Social change, a laughing matter!
A good piece of journalism is a powerful thing. It can force you to think about an issue that you wouldn’t otherwise consider (or would rather avoid), motivate you to act on the issues raised and give you the information needed to present such a case to other people. Even more importantly, perhaps, it can be used to hold policy-makers and authority figures to account. If nobody assesses decisions made by such powerful figures on their merits and exposes wrongdoing when it occurs, then a crucial element of democracy would be lost. But you know all this already. It’s a given that journalism is a worthwhile enterprise – the problem is getting people to actually read the stuff.
People read what they want to read. This seemingly obvious statement is surprisingly important – if a person reads something that fundamentally conflicts with their pre-existing viewpoint, then they’ll simply stop reading. Take the Daily Mail (often known as the Daily Hate) in England, one of the most popular papers in the country. It thrives on creating fear: of immigrants; of rising house prices; of ‘loss of Britishness’, whatever that means. Grab a copy of this fine piece of literature out of any white middle-aged woman’s hands at the bus stop and replace it with the more liberal Guardian, and you’ll be accused of assault before you can say: ‘but it really has some interesting insights into the valuable work that immigrants do for the British economy…’ If it doesn’t fit with what the Mail tells me, the typical response is, then it’s probably wrong, and I’m not going to read it.
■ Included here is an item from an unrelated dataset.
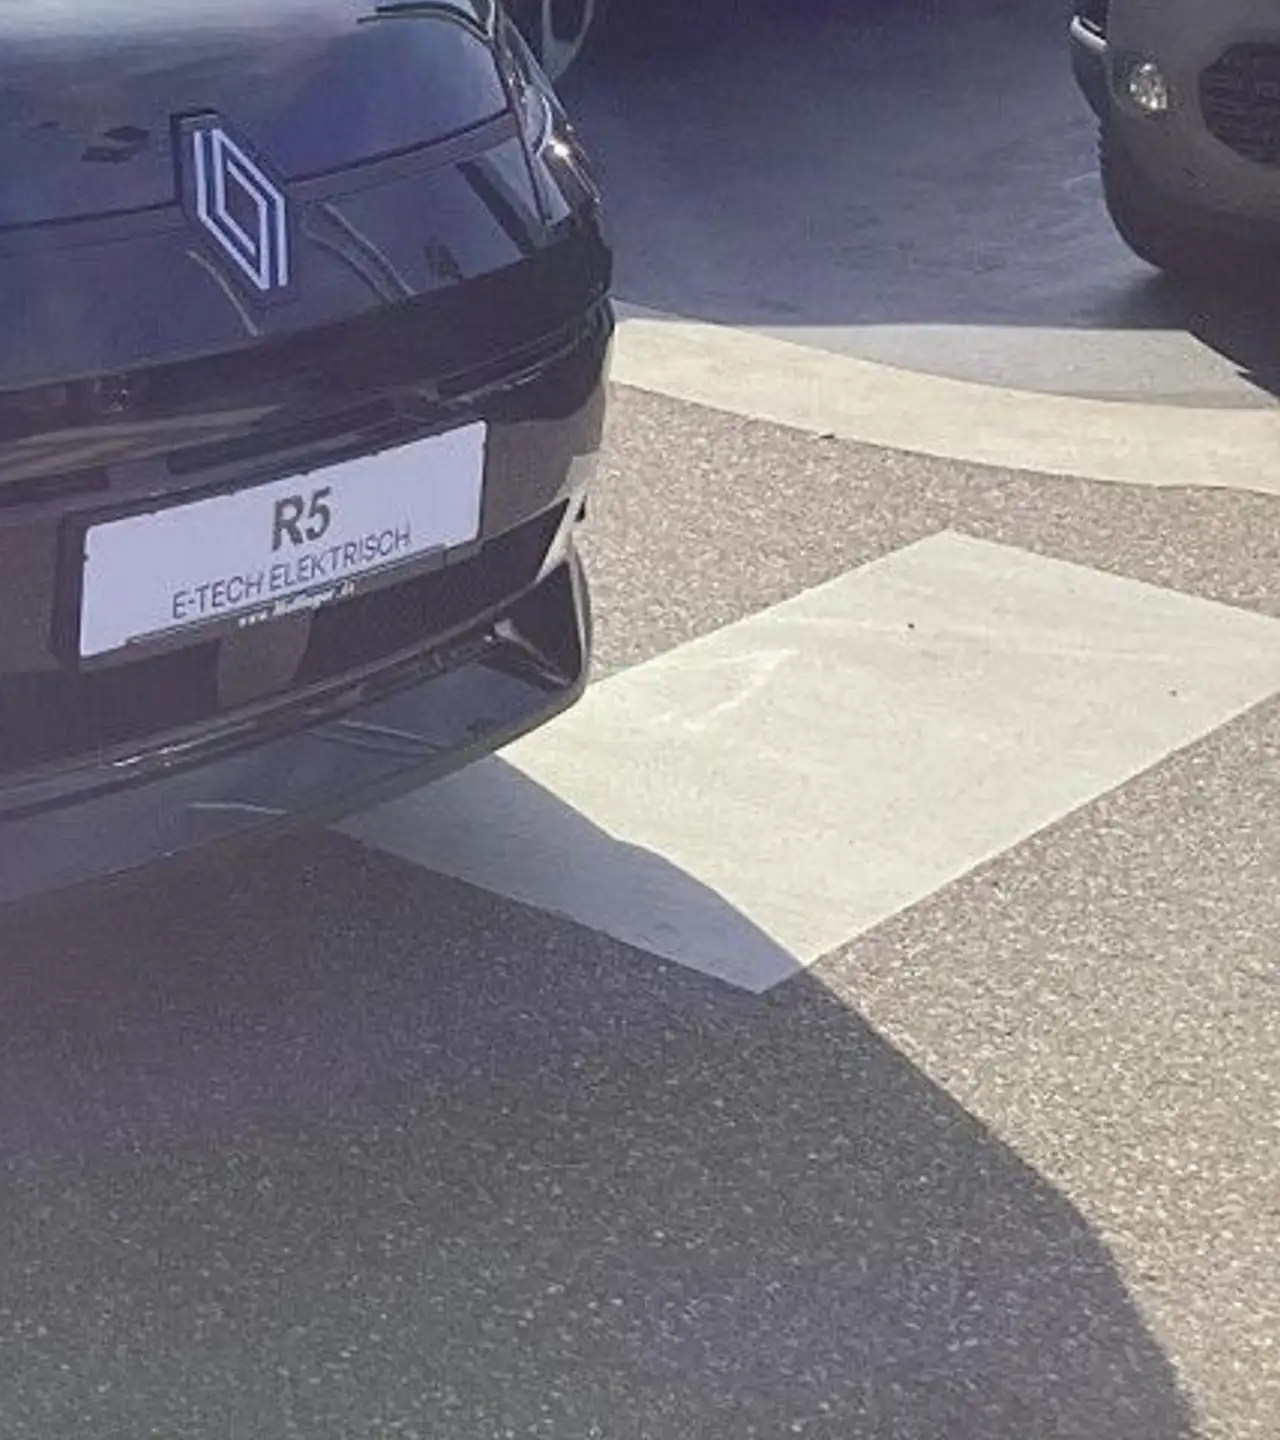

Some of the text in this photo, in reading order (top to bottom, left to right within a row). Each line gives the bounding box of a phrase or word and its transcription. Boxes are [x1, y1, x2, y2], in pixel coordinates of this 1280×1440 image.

It’s quite hard to change someone’s mind when they don’t want it to be changed.
This is a particular problem in England with journalism that goes anywhere near a social or environmental issue. Recently it’s become cool to be green and socially-conscious, and the newspapers have lapped it up. This means you can’t open any newspaper without seeing an article on climate change or Madonna’s latest take-away adopted child (special offer: get a free Asian with every African at Rent-A-Kid) – and the public has reached saturation point. So, whenever a headline mentions one of these issues, I, and many other people like me, find myself turning the page to avoid the article. Why? Again, it’s because I think we know what it will say and therefore decide that it doesn’t interest me. So, how DO you get people to read a bit of journalism that is trying to create some sort of change?
I think the answer is actually fairly easy – make it enjoyable to read. Everyone likes to laugh, and putting a bit of humour into an article will get a person reading through just to get the joke at the end. I started up a paper called Mostly Harmless this year at Durham University which includes a lot of silly jokes and puns in each issue. However, they at least persuade students, an audience with a notoriously short attention span, to pick up the paper. Hopefully, then they’ll have a look at the more serious points we make in each issue because they fit into the general sarcastic and humorous tone. For example, we printed a ‘Spot the Difference’ competition in the last edition. In the format of an easy and accessible game, the article simultaneously ridiculed the Iran hostage ‘crisis’ and drew attention to human rights abuses in Guantanamo Bay – both important points that deserve attention, but which would have been ignored if presented in a long dry article about international law.
Satire is particularly useful here, because authority figures are often inherently ridiculous – it’s very easy to draw a cartoon and mock them while at the same time pointing out a serious flaw in their policy. Avoiding sounding either strident and slightly self-righteous or boring is a difficult task, but satire, especially when written with a dash of indignation, can negotiate both problems. I’ve found that Mostly Harmless has been reviewed very positively by its target audience, Durham students. It’s difficult to know to what extent anyone’s mind is actually changed by the paper, but people are certainly actively engaging with the articles rather than discarding them like other student papers, and this can only be a good thing. Good journalism CAN contribute towards making the changes mentioned above, but if you can’t interest your target audience in this journalism then it’s worse than useless. Use humour, use a different style, use a cartoon – just, for God’s sake, don’t be boring!
Tom is a second-year history undergraduate studying at the University of Durham in England. He is a co-founder of Mostly Harmless, a satire and comment newspaper within the university. It was set up last September and since then has reached a circulation of 4,000 copies and maintains a lively website/blog at www.mostly-harmless.org.uk.